Source : Cass. civ. 2ème, 17 mars 2016, n°14-24.986, FS-P+B+I
En l’espèce, une banque consent trois prêts à un couple, pour lesquels une société de cautionnement apporte sa garantie. L’époux débiteur forme une demande de traitement de sa situation financière auprès d’une commission de surendettement. Un plan conventionnel est conclu, et prévoit notamment un moratoire de six mois sur les créances bancaires.
Quelques mois plus tard, une commission de surendettement est de nouveau saisie par l’époux débiteur, qui déclare notamment au passif ses dettes vis-à-vis de la banque et de la société de cautionnement. Cette nouvelle demande est favorablement reçue par la commission. La banque créancière s’oppose à cette décision, et forme un recours en ce sens.
Cette seconde procédure est clôturée par le juge de l’exécution, l’époux créancier ayant finalement refusé d’en bénéficier. La banque assigne par la suite les co-emprunteurs en remboursement des prêts, mais se voit opposer par ces derniers une fin de non-recevoir tirée de la prescription de son action en paiement.

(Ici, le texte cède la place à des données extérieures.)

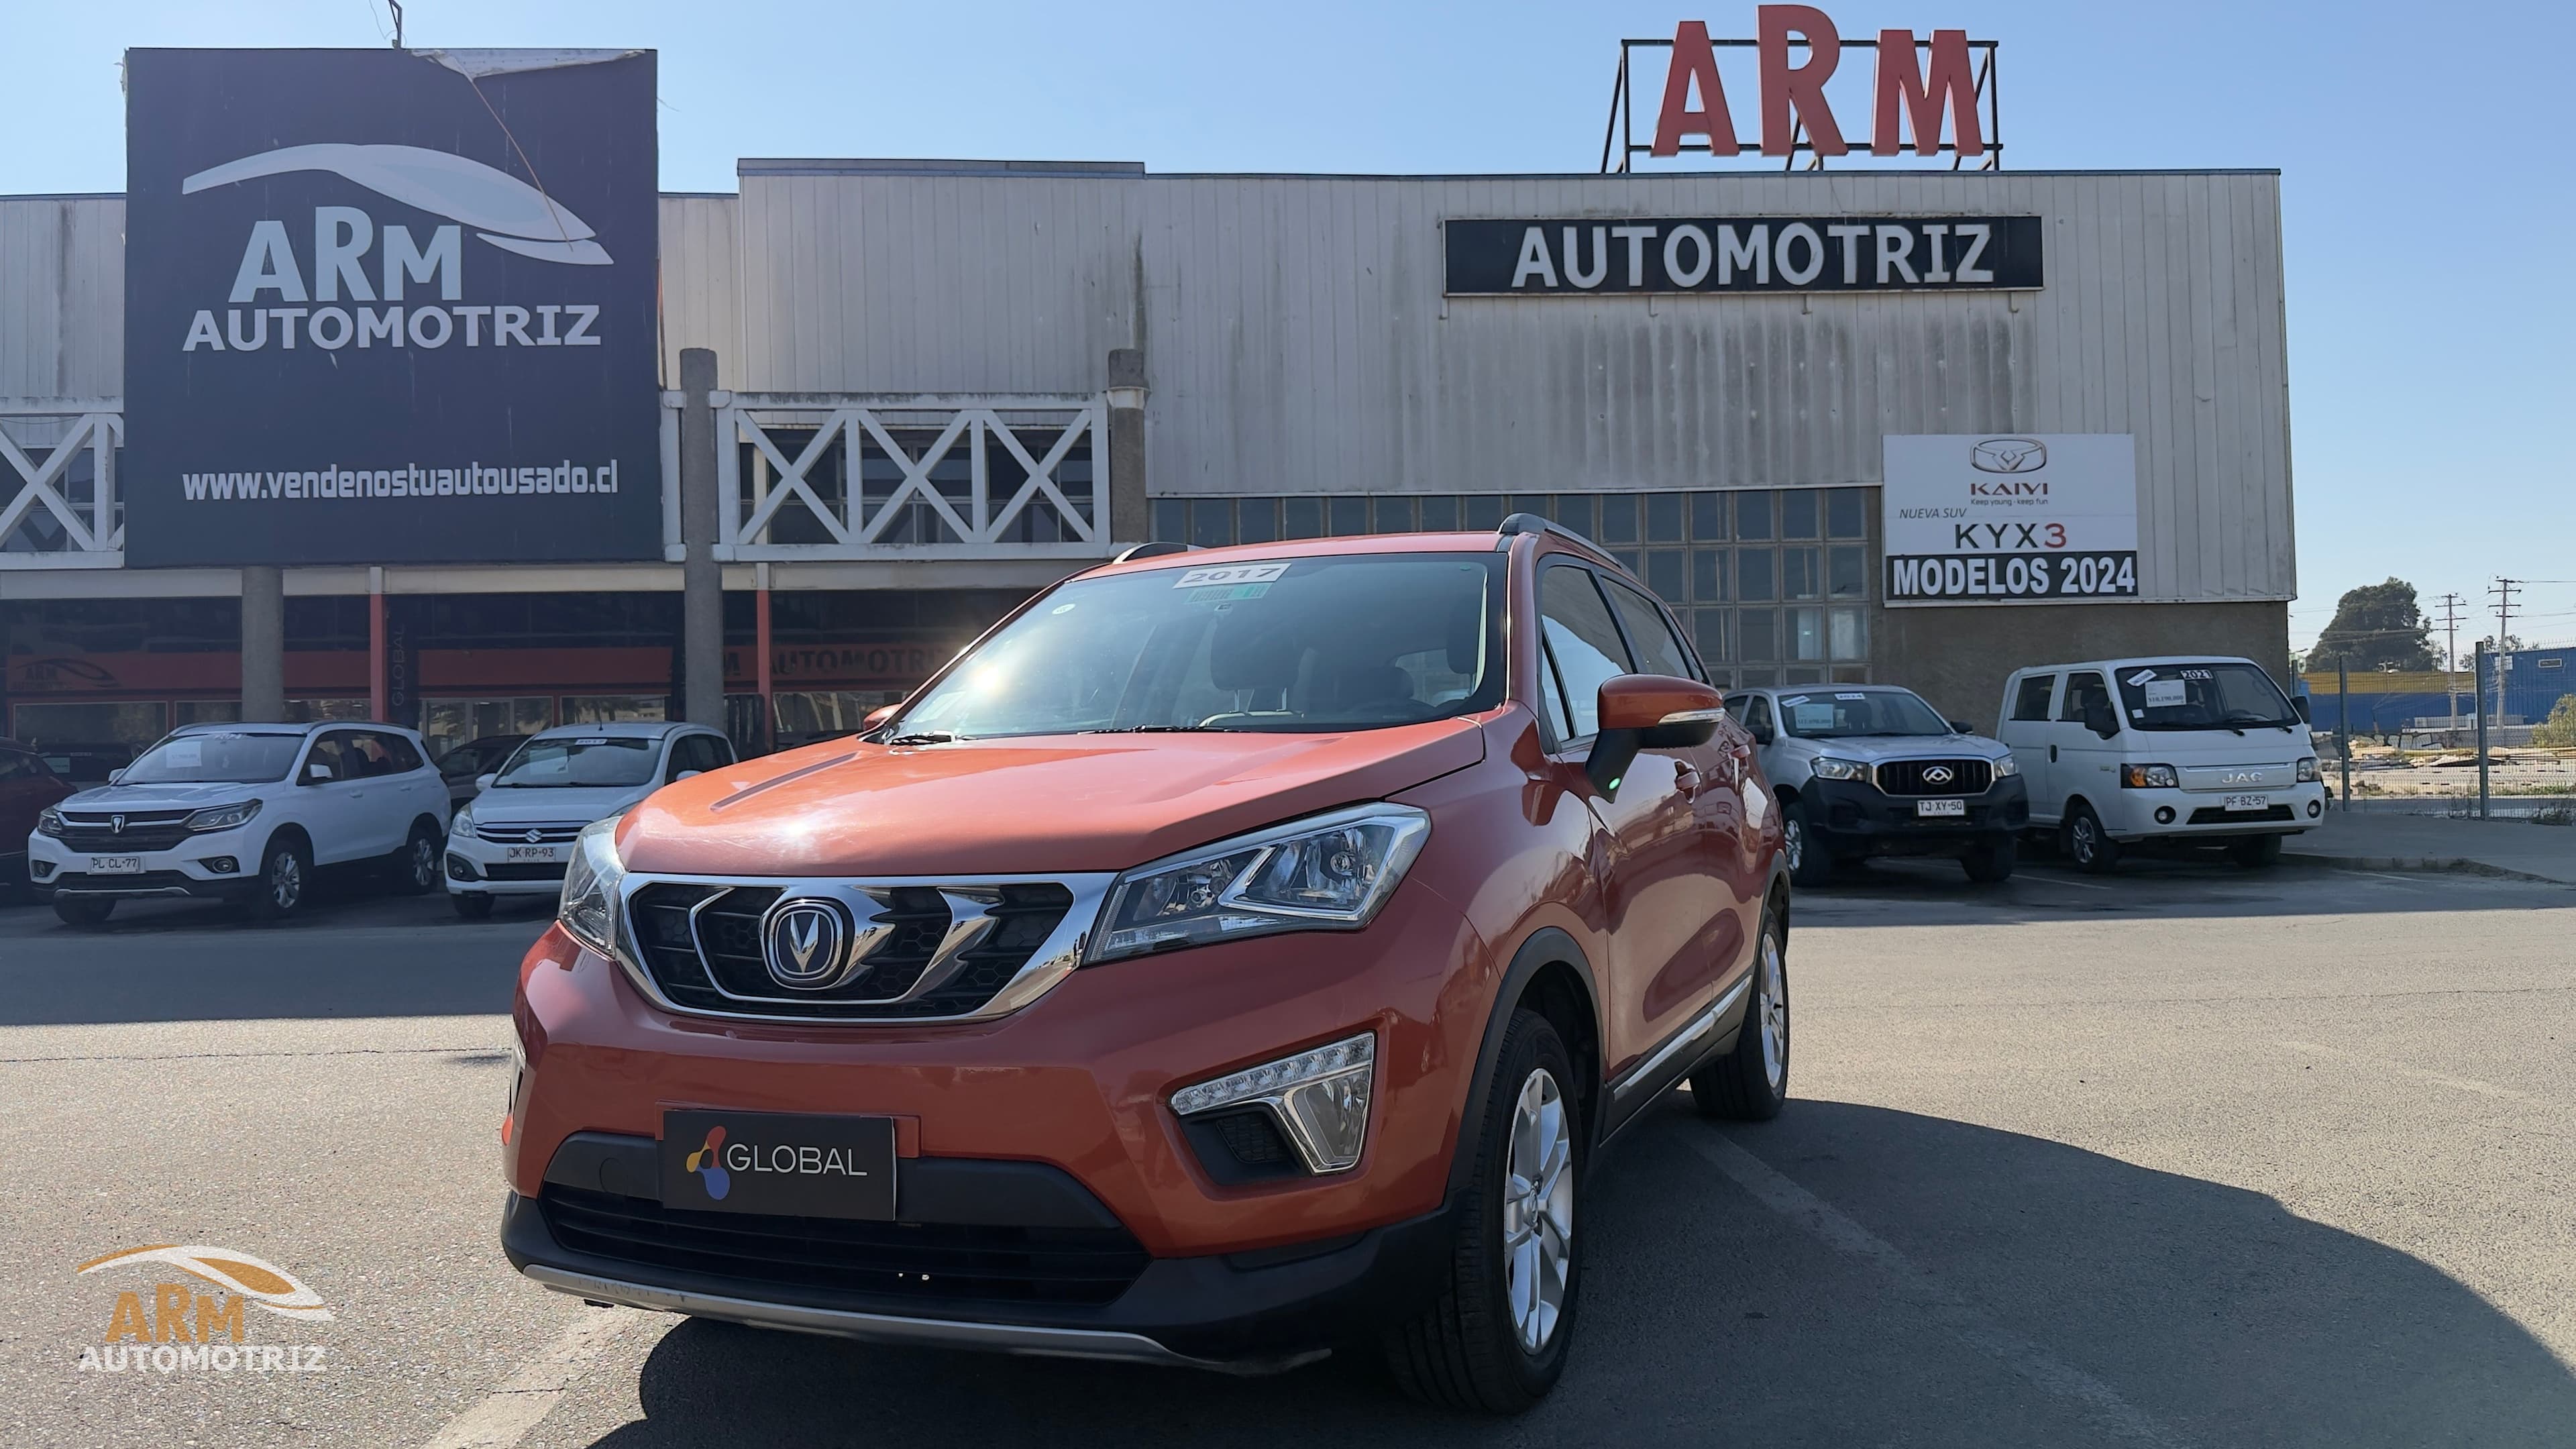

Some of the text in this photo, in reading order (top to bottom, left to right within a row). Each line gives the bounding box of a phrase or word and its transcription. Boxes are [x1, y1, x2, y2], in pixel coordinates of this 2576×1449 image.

[1650, 4, 1984, 158] ARM
[228, 206, 462, 303] ARM
[1511, 221, 1994, 289] AUTOMOTRIZ
[182, 304, 601, 352] AUTOMOTRIZ
[182, 459, 619, 502] www.vendenostuautousado.cl
[1970, 482, 2048, 495] KAIYI
[1899, 508, 1968, 519] NUEVA SUV
[2017, 498, 2035, 506] keep
[1955, 523, 2067, 549] KYX3
[1184, 568, 1281, 584] 2017
[1893, 557, 2135, 596] MODELOS 2024
[2184, 670, 2212, 679] 2021
[2222, 771, 2263, 784] JAC
[727, 1143, 867, 1177] GLOBAL
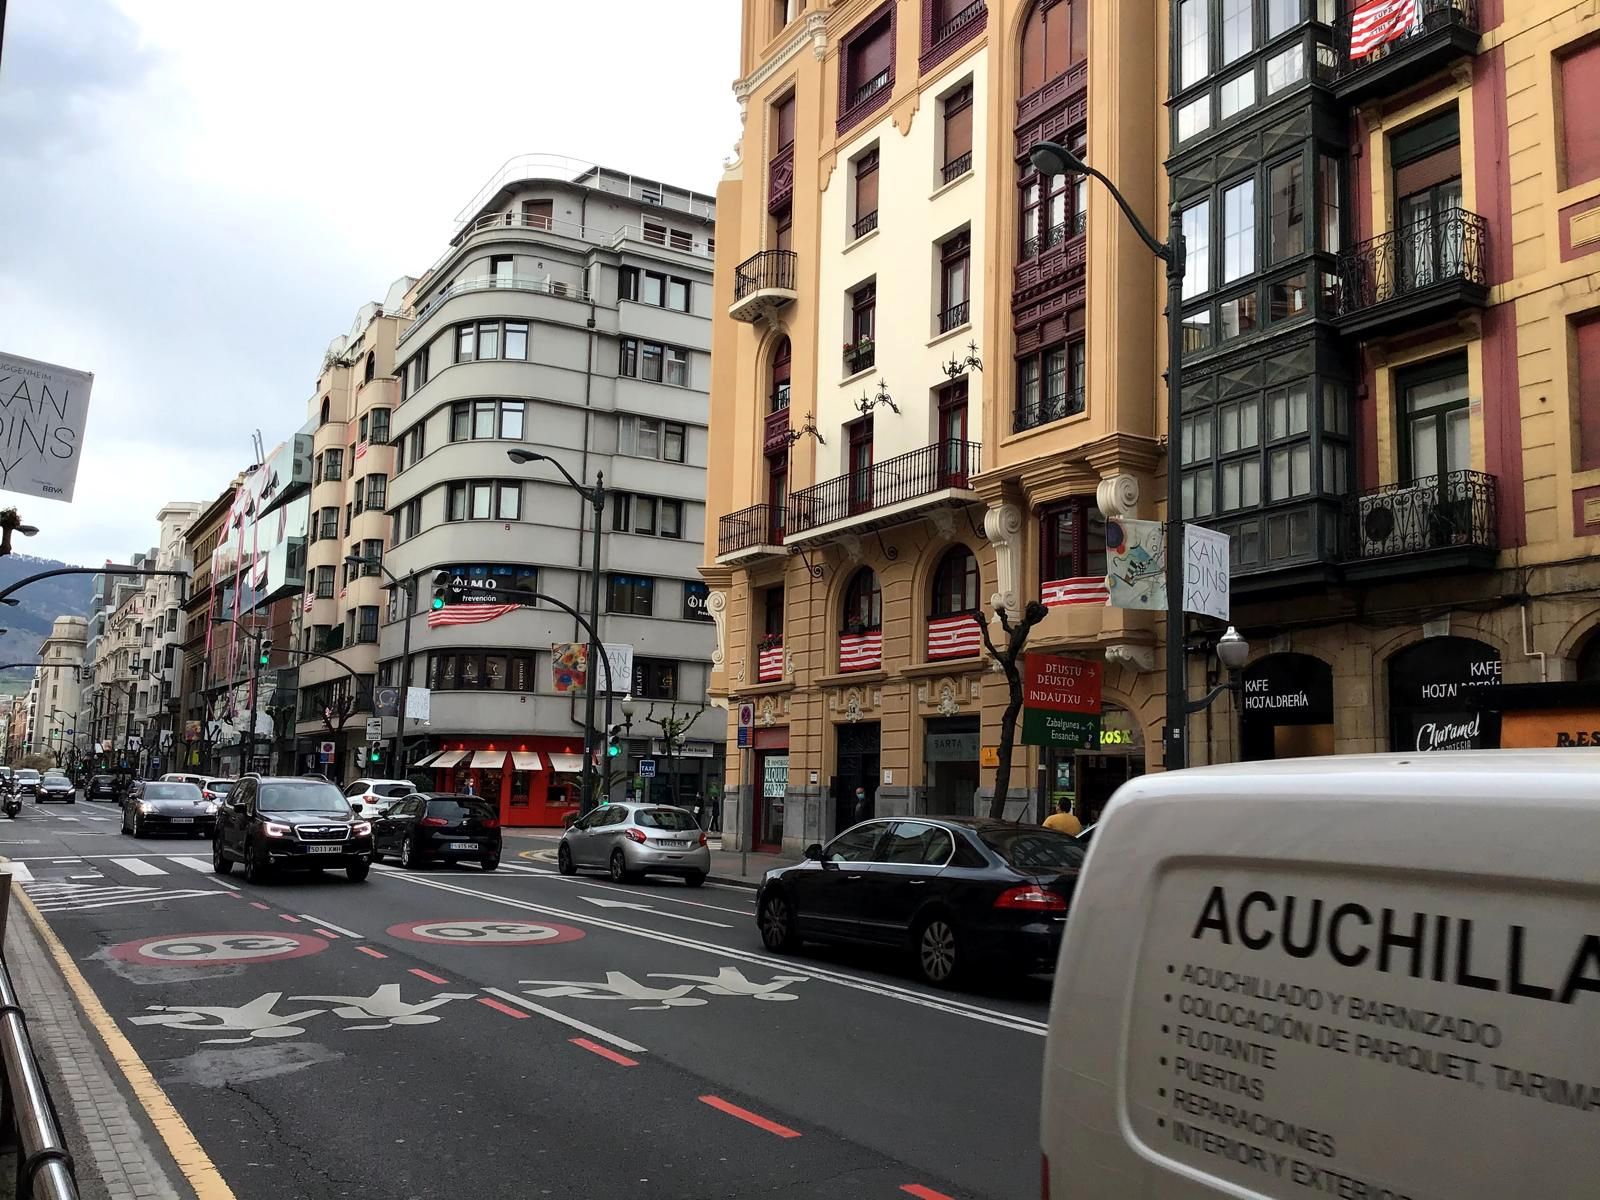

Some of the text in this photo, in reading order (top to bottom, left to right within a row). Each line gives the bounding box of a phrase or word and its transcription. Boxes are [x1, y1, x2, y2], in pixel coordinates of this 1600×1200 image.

[0, 415, 76, 459] INS
[43, 485, 63, 495] BBVA
[1188, 538, 1223, 567] KAN
[1187, 563, 1228, 593] DINS
[462, 594, 497, 603] Prevención
[1186, 587, 1211, 611] KY
[1037, 674, 1075, 687] DEUSTO
[1045, 663, 1082, 677] DEUSTU
[1470, 660, 1502, 677] KAFE
[1030, 690, 1081, 705] INDAUTXU
[1245, 679, 1269, 693] KAFE
[1245, 690, 1309, 709] HOJALDRERÍA
[1046, 717, 1080, 731] Zabalgunea
[1051, 729, 1080, 742] Ensanche
[1416, 711, 1480, 752] Charamel
[1191, 886, 1600, 1004] ACUCHILLA
[1181, 965, 1503, 1049] ACUCHILLADO Y BARNIZADO
[1176, 1024, 1277, 1070] FLOTANTE
[1178, 994, 1313, 1044] COLOCACIÓN
[1316, 1024, 1350, 1053] DE
[1355, 1034, 1486, 1089] PARQUET,
[1174, 1056, 1265, 1101] PUERTAS
[1174, 1088, 1337, 1158] REPARACIONES
[1173, 1119, 1268, 1172] INTERIOR
[1270, 1152, 1288, 1177] Y

La banque forme un pourvoi en cassation, estimant que la prescription de son action en paiement était interrompue entre la saisine de la commission de surendettement par le débiteur, et l’ordonnance du juge de l’exécution constatant le refus définitif du débiteur de se prévaloir de la procédure de surendettement. Par ailleurs, la prescription de son action en paiement était également interrompue par son recours contre la décision d’admission de la commission de surendettement.
La Cour de cassation rejette en bloc le pourvoi, et estime pour sa part que le délai de prescription n’est pas suspendu pendant l’examen par une commission de surendettement ou par un juge du tribunal d’instance de la recevabilité de la demande formée par le débiteur, et que la mise en œuvre d’un recours formé contre une décision de recevabilité prise par une commission de surendettement n’a pas pour effet d’interrompre le cours de la prescription des créances.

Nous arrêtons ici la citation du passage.